Speed ​​control of parallel excitation motors

Rotation frequency DC motors can be changed in three ways: by changing the resistance of the r -th armature circuit, changing the magnetic flux Ф, changing the voltage U supplied to the motor.

The first method is rarely used, because it is uneconomical, allows to control the speed of rotation only under load and forces the use of mechanical characteristics with different slopes. When controlled in this way, the torque limit is kept constant. The magnetic flux does not change and assuming approximately this amperage, determined by the long-term allowable engine heating, is the same at all speeds, then the maximum allowable torque must also be the same at all revs.

Speed ​​regulation DC motors with parallel excitation change in the magnetic flux has gained considerable popularity. The flow can be changed with a rheostat. As the resistance of this rheostat increases, the excitation current and magnetic flux decrease and the rotation frequency increases.Each reduced value of the magnetic flux Ф corresponds to increased values ​​of n0 and b.

So with the weakening of the magnetic flux mechanical characteristics are straight lines located above the natural feature, not parallel to it, and with greater slope, the smaller flows correspond. Their number depends on the number of rheostat contacts and can be quite large. In this way, the regulation of the rotation speed by weakening the flux can be made practically stepless.

If, as before, we assume that the maximum permissible amperage at all speeds is the same, then P = const

Therefore, when adjusting the speed by changing the magnetic flux, the maximum permissible power of the motor remains constant at all speeds.

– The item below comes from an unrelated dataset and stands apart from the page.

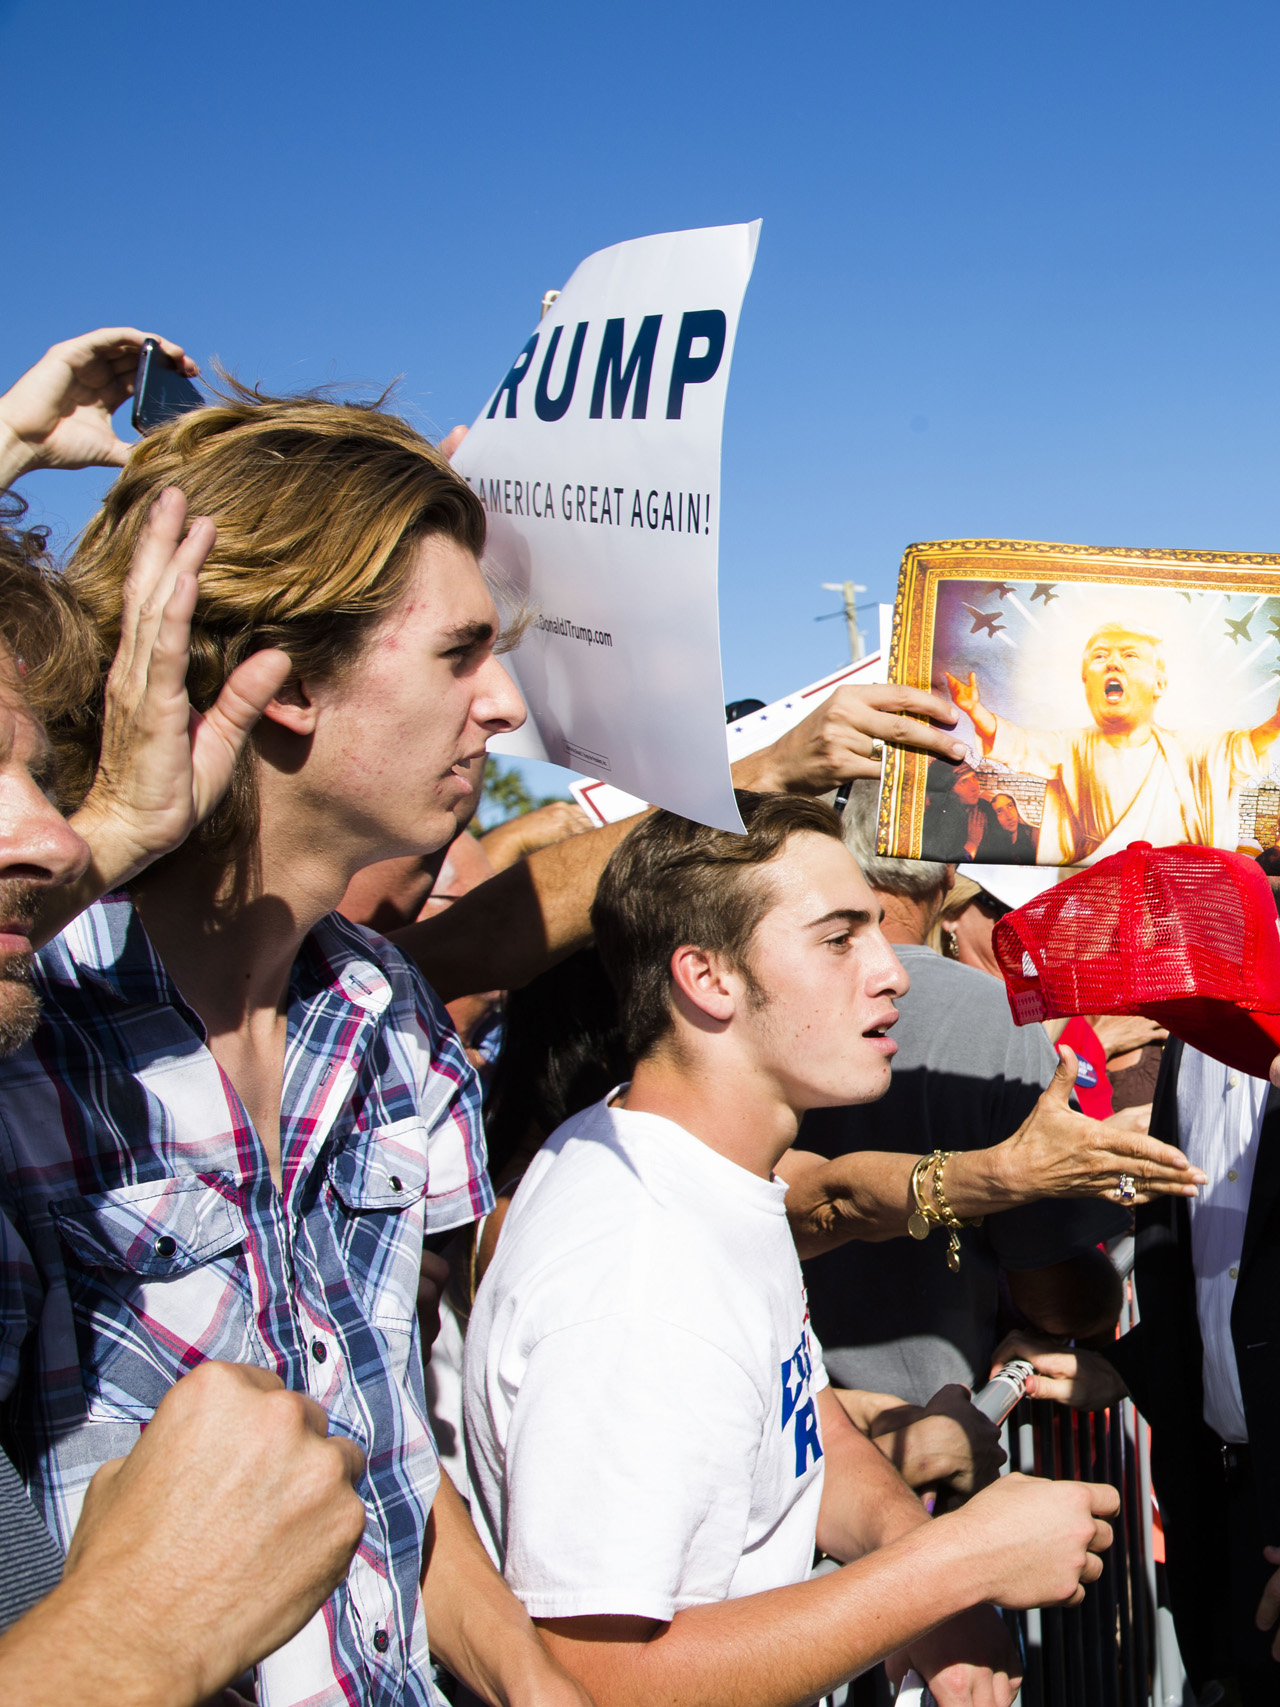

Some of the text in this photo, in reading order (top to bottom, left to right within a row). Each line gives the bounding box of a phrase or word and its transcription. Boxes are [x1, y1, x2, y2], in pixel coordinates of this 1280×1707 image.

[486, 309, 727, 422] RUMP
[479, 478, 711, 535] AMERICA GREAT AGAIN!

The torque limit changes in proportion to the speed. As the engine speed increases, the weakening of the field increases the spark under the brushes due to an increase in the reactive e. and others. with induced in the involved sections of the engine.

When the motor is running at reduced flux, the stability of operation is reduced, especially when the load on the motor shaft is variable. At a small value of the flux, a demagnetizing effect of the armature reaction is noticed. Since the demagnetization effect is determined by the magnitude of the armature current of the electric motor, then with changes in the load, the speed of the motor changes sharply. To increase the stability of operation, parallel-excited variable speed motors are usually supplied with a weak series field winding, the flux of which partially compensates for the demagnetizing effect of the armature reaction.

Engines designed to operate at higher speeds must have increased mechanical strength. At high speeds, engine vibration and operating noise increase. These reasons limit the maximum speed of the electric motor. The lower speed also has a certain practical limit.

Rated torque determines the size and cost of DC motors (as well as asynchronous motors). By reducing the smallest, in this case nominal, revolutions of the motor with a certain power, its rated torque will increase. This will increase the engine size.

In industrial enterprises, motors with adjustment ranges are most often used

To expand the range of speed regulation by changing the magnetic flux, a special motor excitation circuit is sometimes used, which makes it possible to improve the commutation and reduce the influence of the armature reaction at high engine speeds. The supply to the coils of the two pole pairs is split, forming two independent circuits: the coil circuit of one pole pair and the circuit of the other pair.

One of the circuits is connected to a constant voltage, in the other the magnitude and direction of the current change. With this inclusion, the total magnetic flux interacting with the armature can be changed from the sum of the highest values ​​of the fluxes of the coils of the two circuits to their difference.

The coils are connected in such a way that the full magnetic flux always passes through one pair of poles. Therefore, the armature reaction affects to a lesser extent than when the magnetic flux of all poles is weakened.All multi-pole DC motors with a wave armature winding can thus be controlled. At the same time, stable operation of the engine is achieved in a significant range of speeds.

Controlling the speed of DC motors by changing the input voltage requires the use of special circuits.

DC motors compared to asynchronous motors are much heavier and several times more expensive. The efficiency of these engines is lower, and their operation is more complicated.

Industrial plants receive power from three-phase current and special converters are needed to obtain direct current. This is due to additional energy losses. The main reason for using direct current motors with parallel excitation to drive metal cutting machines is the possibility of practically stepless and economical regulation of their speed of rotation.

In mechanical engineering, complete drives with rectifiers and a parallel-excited DC motor are used (Fig. 1). Through the computer rheostat, the excitation current of the electric motor is changed, providing almost stepless regulation of its rotation speed in the range 2: 1. The drive set includes a starting rheostat RP, as well as protective equipment, in fig. 1 is not shown.

Rice. 1. Schematic of a DC drive with a rectifier

VThe transformer oil-immersed rectifiers (B1 — B6) and all equipment are placed in a control cabinet, and a computer rheostat is installed in a convenient service location.